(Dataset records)
↓↓↓
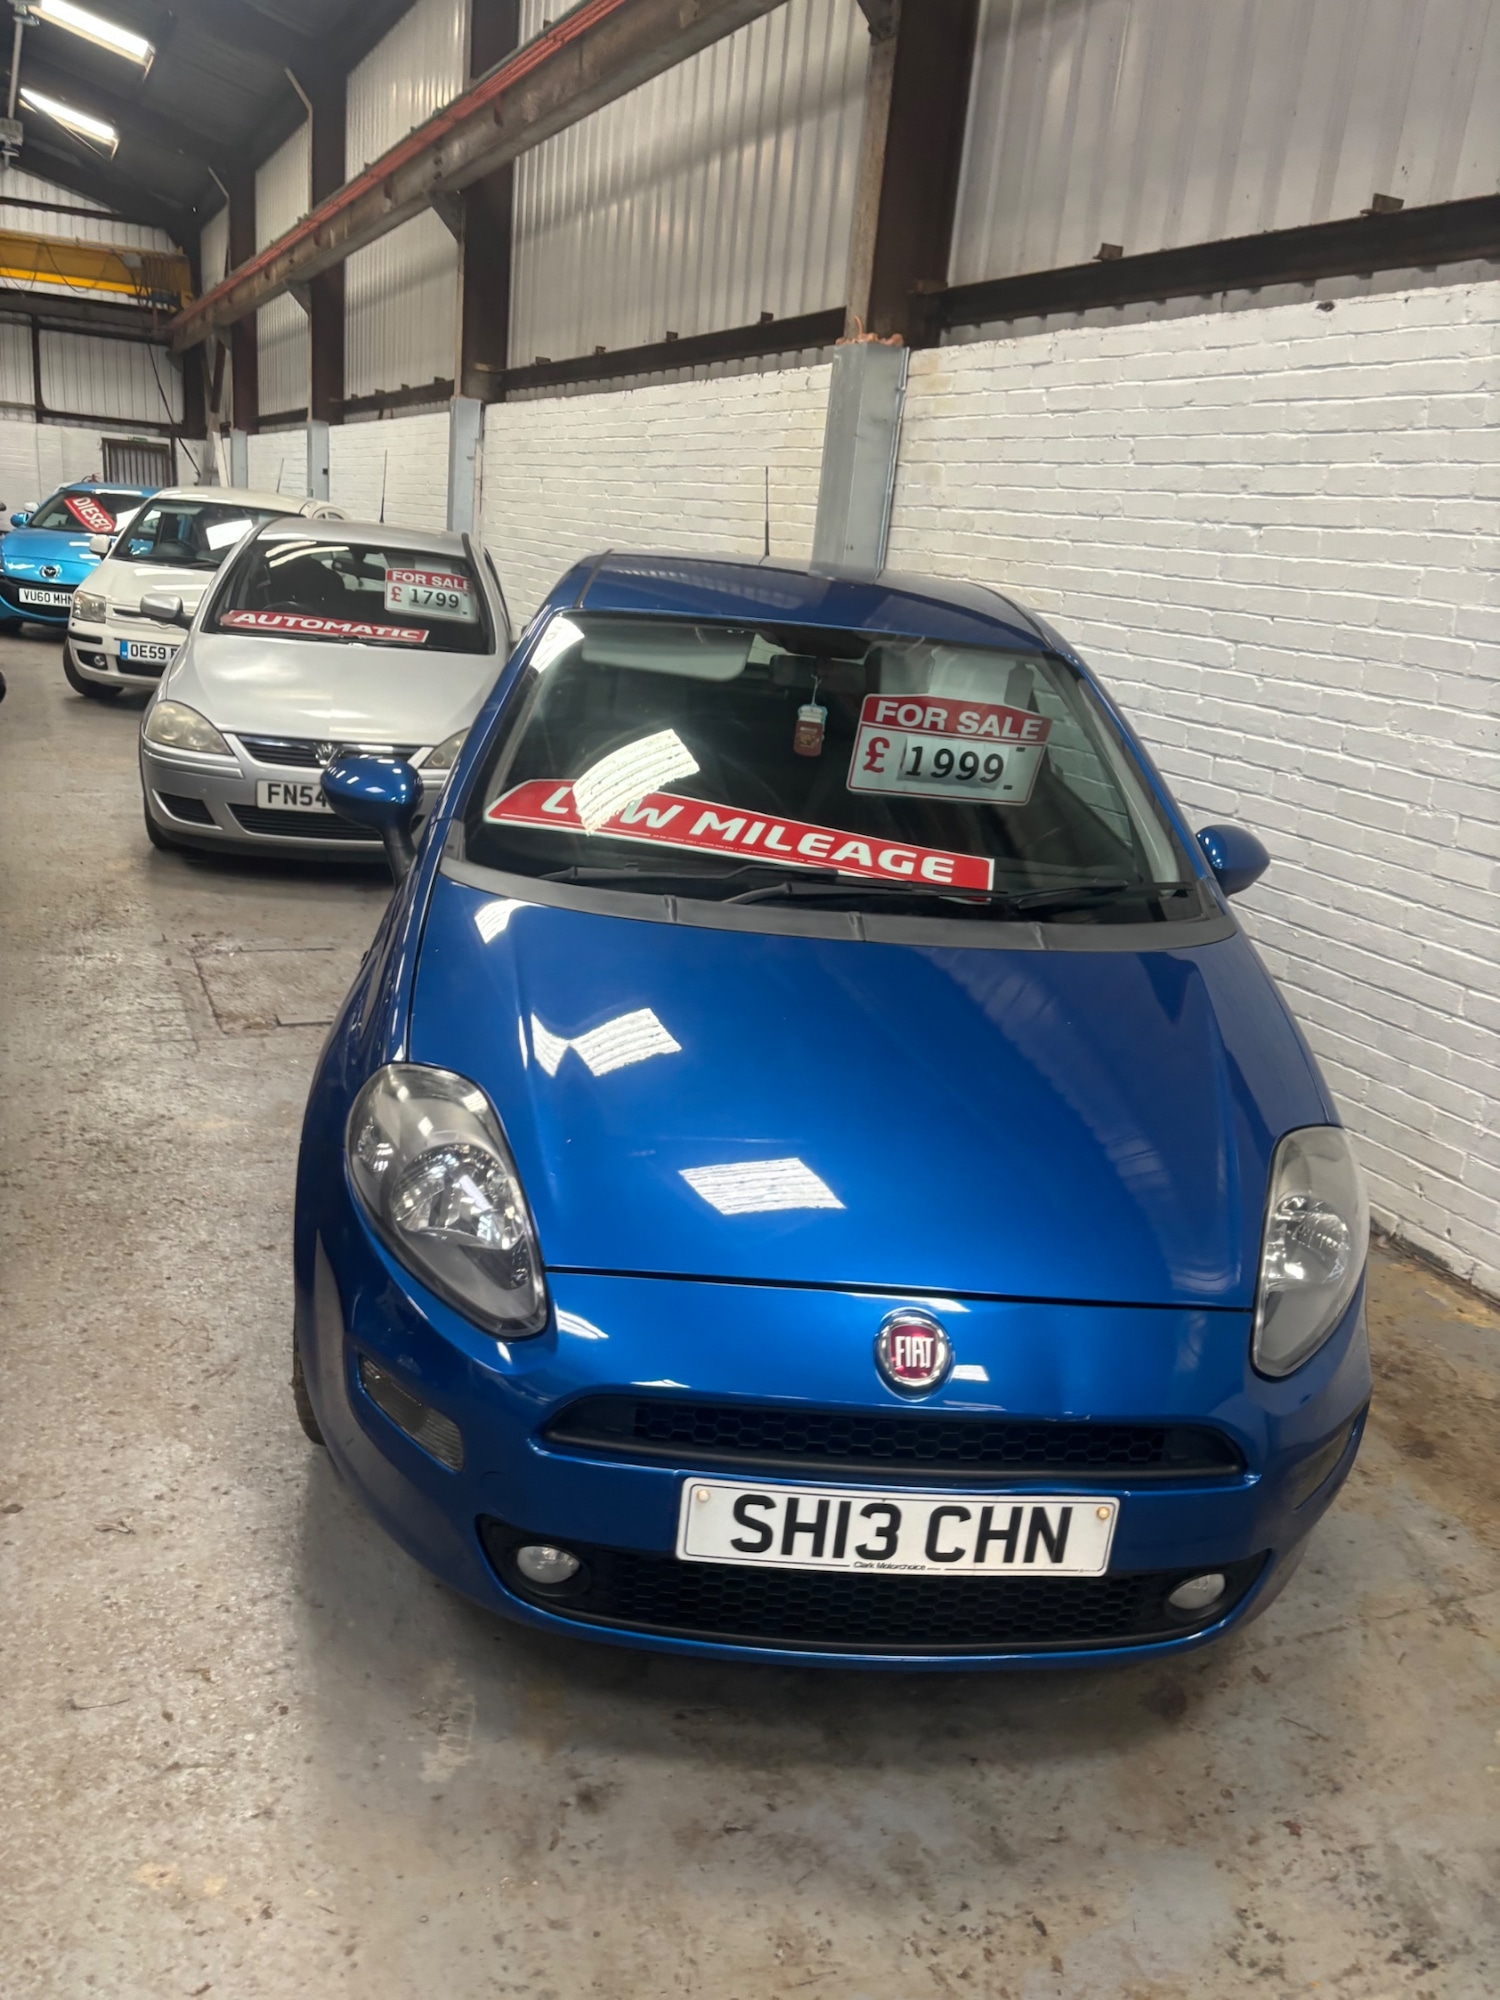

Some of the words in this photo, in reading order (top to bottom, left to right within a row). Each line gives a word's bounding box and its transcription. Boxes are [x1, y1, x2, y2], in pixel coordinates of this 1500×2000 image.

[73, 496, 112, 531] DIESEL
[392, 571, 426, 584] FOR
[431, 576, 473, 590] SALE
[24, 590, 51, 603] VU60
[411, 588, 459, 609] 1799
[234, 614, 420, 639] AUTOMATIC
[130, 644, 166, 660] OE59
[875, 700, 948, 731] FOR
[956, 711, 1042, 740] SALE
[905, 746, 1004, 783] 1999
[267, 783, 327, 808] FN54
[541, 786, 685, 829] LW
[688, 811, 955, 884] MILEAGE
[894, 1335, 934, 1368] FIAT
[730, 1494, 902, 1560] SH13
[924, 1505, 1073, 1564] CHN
↑↑↑
### Task description:
Restate the records above exactly, less any pictures.

### Exercise response:
Some of the words in this photo, in reading order (top to bottom, left to right within a row). Each line gives a word's bounding box and its transcription. Boxes are [x1, y1, x2, y2], in pixel coordinates of this 1500×2000 image.

[73, 496, 112, 531] DIESEL
[392, 571, 426, 584] FOR
[431, 576, 473, 590] SALE
[24, 590, 51, 603] VU60
[411, 588, 459, 609] 1799
[234, 614, 420, 639] AUTOMATIC
[130, 644, 166, 660] OE59
[875, 700, 948, 731] FOR
[956, 711, 1042, 740] SALE
[905, 746, 1004, 783] 1999
[267, 783, 327, 808] FN54
[541, 786, 685, 829] LW
[688, 811, 955, 884] MILEAGE
[894, 1335, 934, 1368] FIAT
[730, 1494, 902, 1560] SH13
[924, 1505, 1073, 1564] CHN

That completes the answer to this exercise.